Little Green Bacteria?

One of the most tantalizing questions facing scientists is whether life could exist on Mars. Now, a University of Arkansas researcher has produced new evidence that primitive bacteria could survive in the harsh conditions on the Red Planet.

Timothy A. Kral tried to approximate Martian conditions by mixing ash from Hawaiian volcanoes, which is known to share certain chemical characteristics found in Martian soil, with carbon dioxide, hydrogen and various amounts of water in test tubes.

Kral then added a very primitive type of bacteria known as methanogens, which are found deep in the ocean, in Earth's crust and in cows' stomachs. The microbes don't need oxygen to survive, existing instead on nitrogen and hydrogen to make methane.

In Kral's experiments, described last week at a meeting of the American Society for Microbiology in Chicago, the bacteria grew in the simulated Martian soil, even when water was extremely limited, as it is believed to be on Mars.

Thigh Cream: Pulling Your Leg

Bad news for women looking for an easy way to thin their thighs: A new study finds that so-called thigh-reducing creams are ineffective.

Bonita Marks of the University of North Carolina at Chapel Hill and colleagues asked 11 students age 18 to 35 to rub "thigh-reducing" cream on one leg and a useless cream on the other, without knowing which was which, for six weeks. The researchers measured each woman's thigh in three places before and after the cream.

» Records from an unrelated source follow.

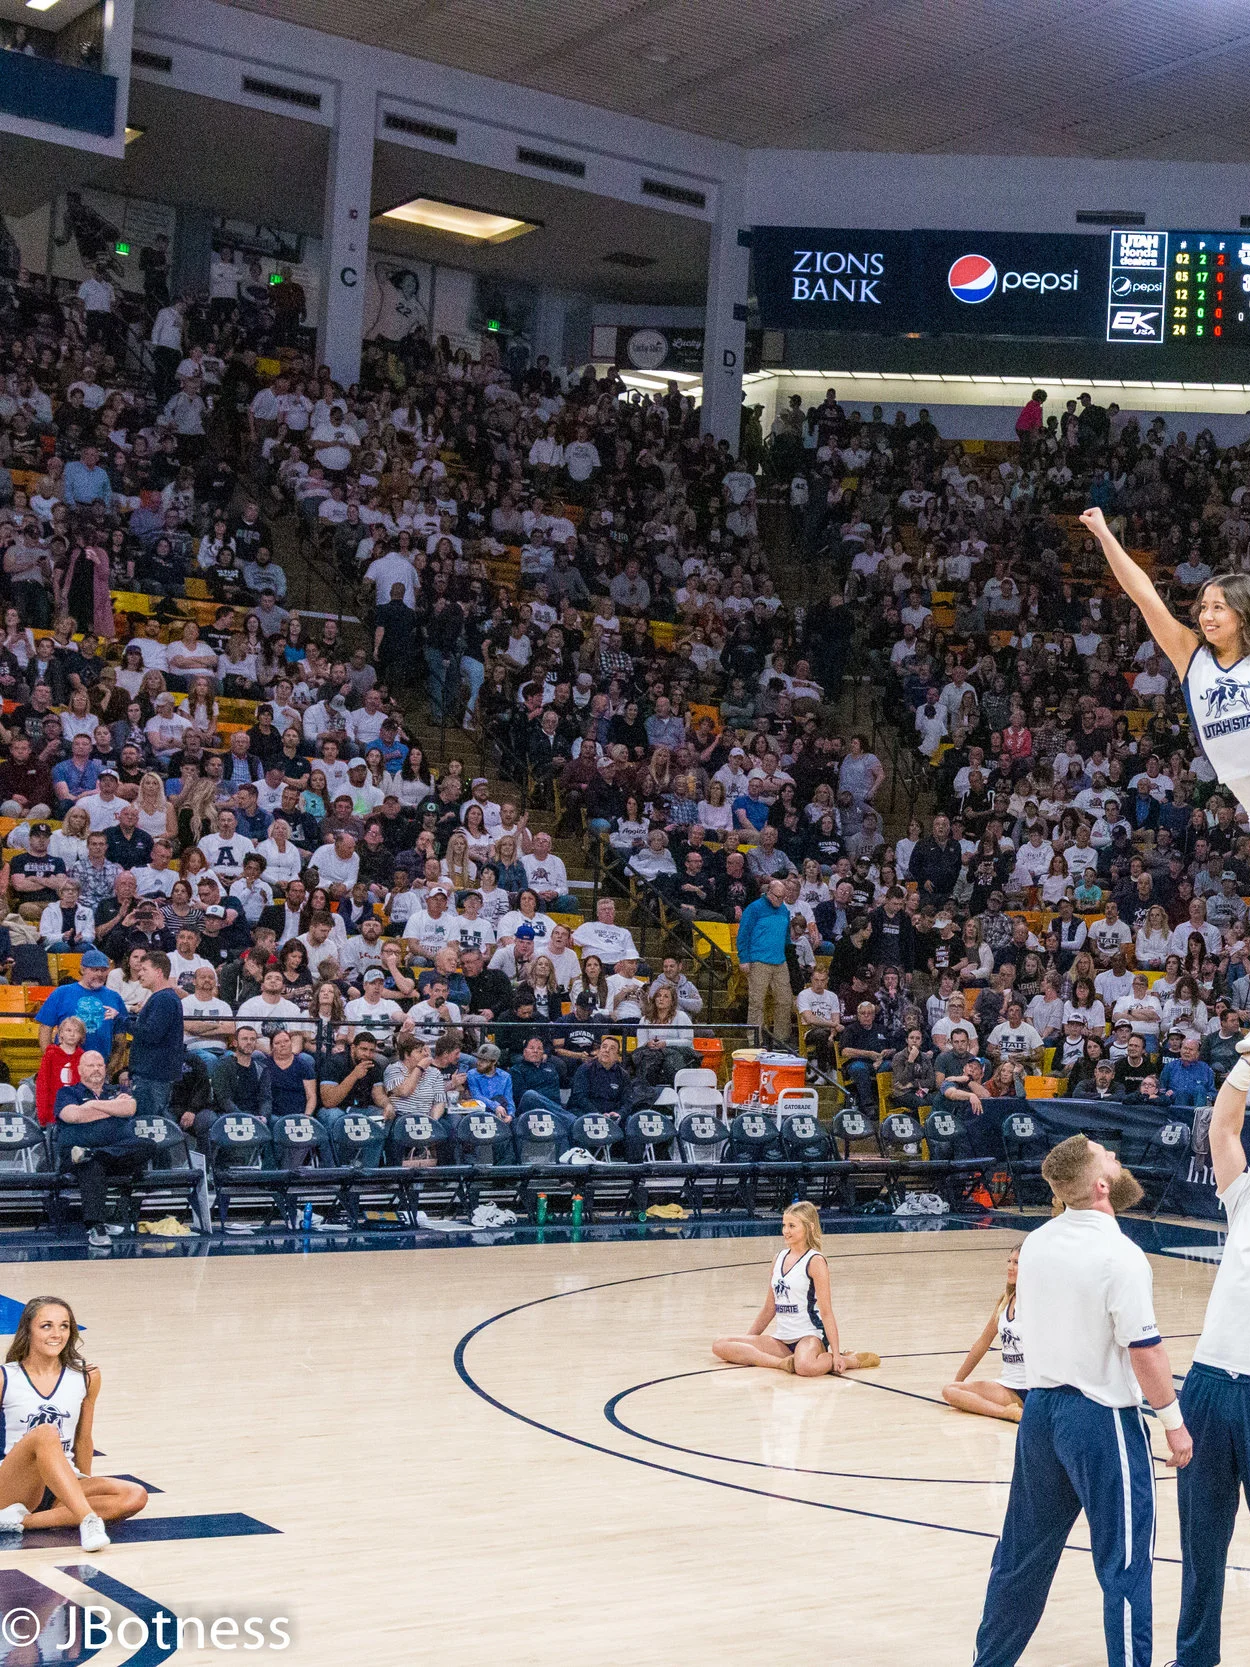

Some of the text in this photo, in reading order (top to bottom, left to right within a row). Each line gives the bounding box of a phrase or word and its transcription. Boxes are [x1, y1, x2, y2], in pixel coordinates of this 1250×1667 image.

[1121, 235, 1158, 248] UTAH
[1199, 242, 1205, 250] P
[1219, 242, 1225, 250] F
[1120, 248, 1158, 258] Honda
[1176, 253, 1225, 265] 02 2 2
[793, 251, 884, 275] ZIONS
[1120, 257, 1157, 266] dealers
[340, 267, 357, 287] C
[1002, 269, 1079, 294] pepsi
[1175, 271, 1224, 283] 05 17 0
[792, 277, 881, 304] BANK
[1132, 282, 1162, 292] pepsi
[1175, 289, 1222, 300] 12 2 1
[395, 303, 412, 317] 22
[1173, 307, 1222, 319] 22 0 0
[1238, 312, 1244, 321] 0
[1173, 325, 1222, 337] 24 5 0
[723, 350, 736, 367] D
[1203, 721, 1232, 739] UTAH
[214, 846, 239, 867] A
[569, 1030, 595, 1041] NEVADA
[999, 1042, 1027, 1050] STATE
[761, 1071, 768, 1085] G
[779, 1304, 798, 1314] STATE
[1008, 1352, 1024, 1364] STAT
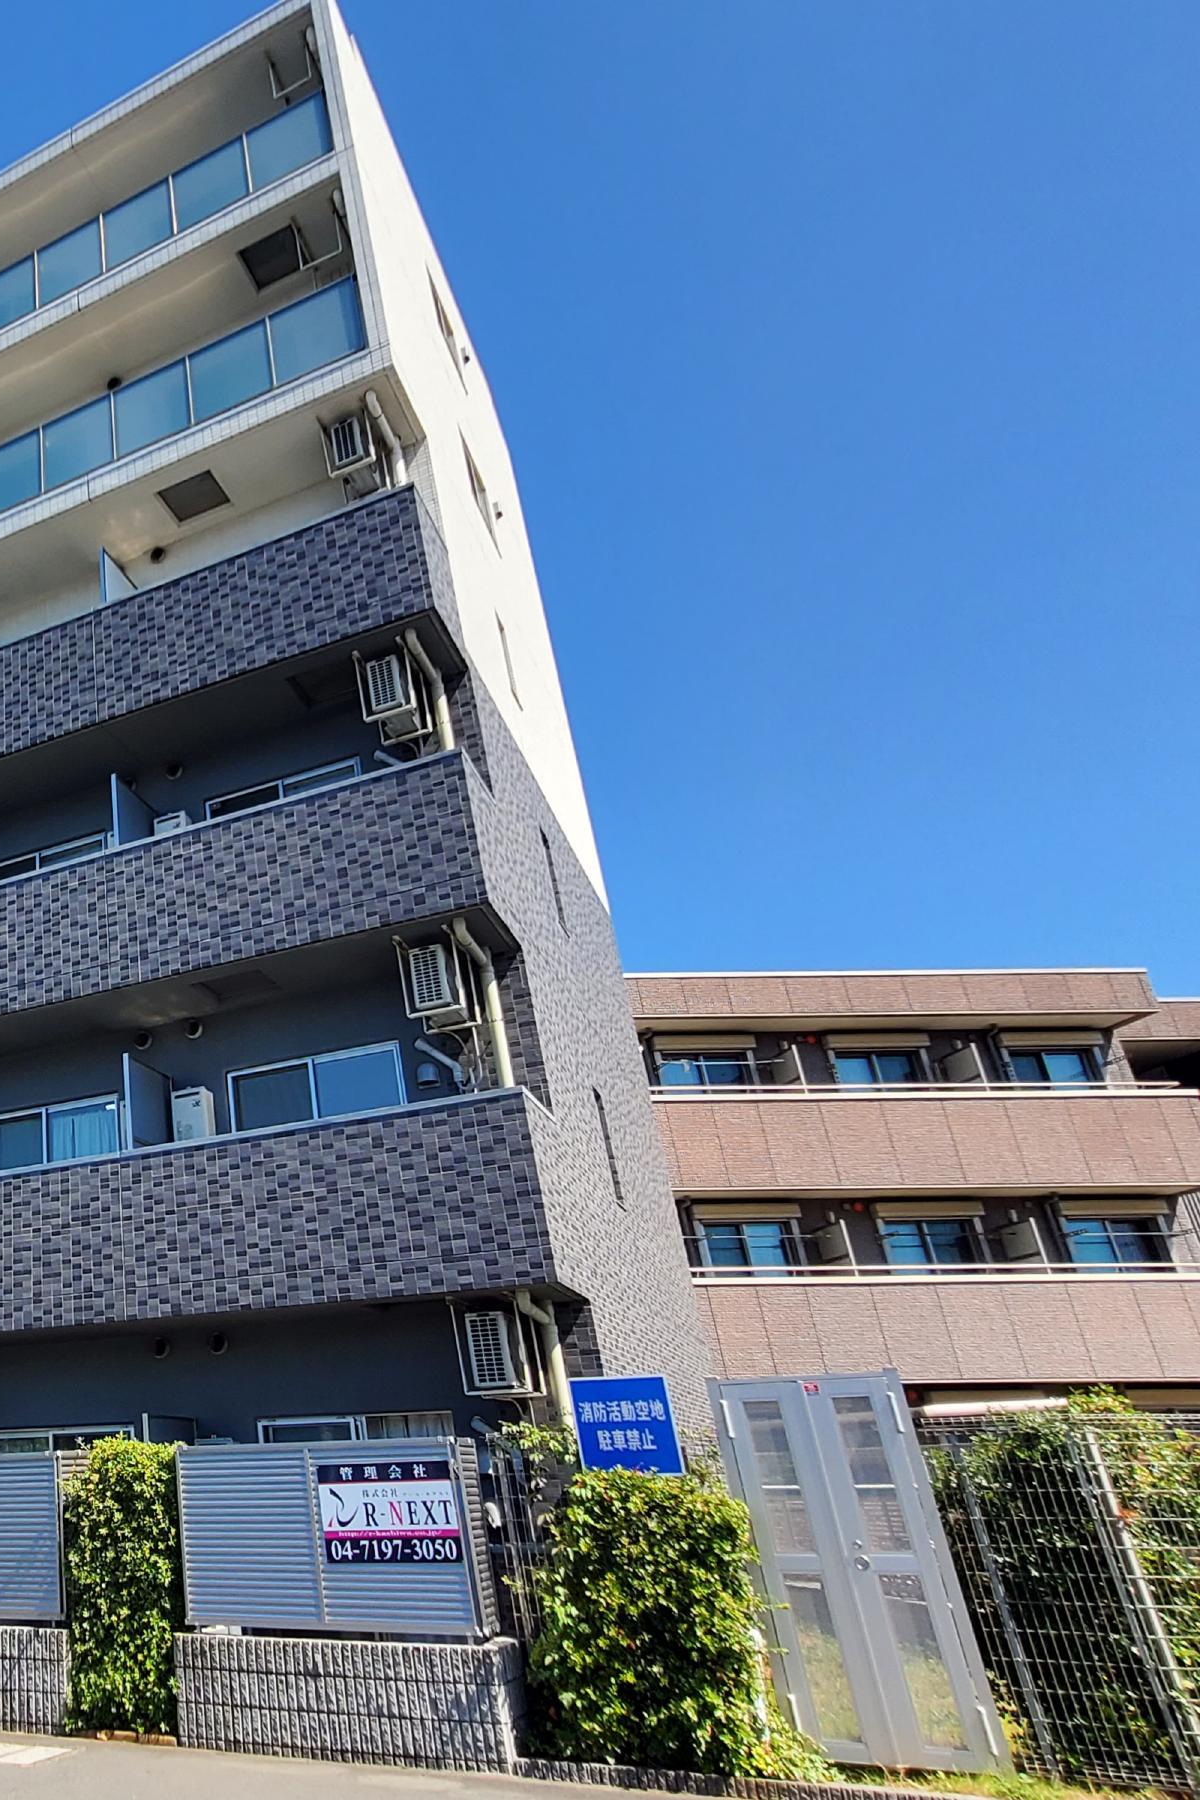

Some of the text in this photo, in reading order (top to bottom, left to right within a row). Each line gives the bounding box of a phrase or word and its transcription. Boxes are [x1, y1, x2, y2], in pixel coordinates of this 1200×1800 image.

"Not only did we find no difference in each volunteer's thighs at the end, but the volunteers themselves said they could see and feel no difference either," said Marks, who presented the findings last week at a meeting of the American College of Sports Medicine in Seattle.

Sentinels and Selfishness

Some disheartening news from the animal kingdom for those who sentimentalize the seemingly selfless behavior of some creatures:

T.H. Clutton-Brock of the University of Cambridge in England and colleagues spent some 2,000 hours observing a wild population of meerkats in the South African desert. Meerkats, a type of mongoose, often post one sentinel to warn other meerkats if a predator is approaching.

The assumption had been that whichever meerkat was standing guard was essentially performing a selfless act, putting itself in danger for the greater good of protecting its comrades, and that the meerkats would take turns, sharing the danger.

But according to a report in the June 4 Science, the sentinel meerkats were actually less likely to be attacked. Moreover, experiments with bits of hard-boiled egg showed that the sentinels would stand guard only as long as they had enough to eat. And there was no discernible equitable rotation.

"The selfless behavior of sentinels . . . has always been a human activity that people want to believe is found in other species too," writes Daniel T. Blumstein of the Macquarie University in Australia in an accompanying commentary. The new research "dispels the myth of kinship and instead supports the opposing view that sentinel behavior is a selfish, not selfless, activity."

The meerkats are not entirely selfish, however. "For the first three weeks after the birth of a litter, one individual in each group stayed at the burrow to 'baby-sit' the pups for a day at a time, losing 1 percent to 2 percent of their body weight per day spent babysitting," the researchers write.

Zzzzzt--You're Sick!

Electric bug zappers may not be hazardous only to the health of flying pests--they also may spread viruses and bacteria the insects carry.

Alberto Broce and James Urban of Kansas State University studied bug zappers by putting microorganisms on flies and measuring how far the microbes flew when the insects were zapped. They found that microbes could be spread as far as six feet.

The zappers, which lure insects with light to an electrified metal grid, do not generate enough heat to necessarily kill any viruses or bacteria on a fly's body or in its digestive track, the researchers say. That means whatever the bug is carrying can be showered down around the zapper when the hapless bug explodes.

Based on the findings, presented last week at a meeting of the American Society for Microbiology in Chicago, the researchers recommend that the devices not be used near food, such as close to the backyard barbecue.

CAPTION: This furry sentinel may be looking out for his fellow meerkat, but it's not because he's a great guy.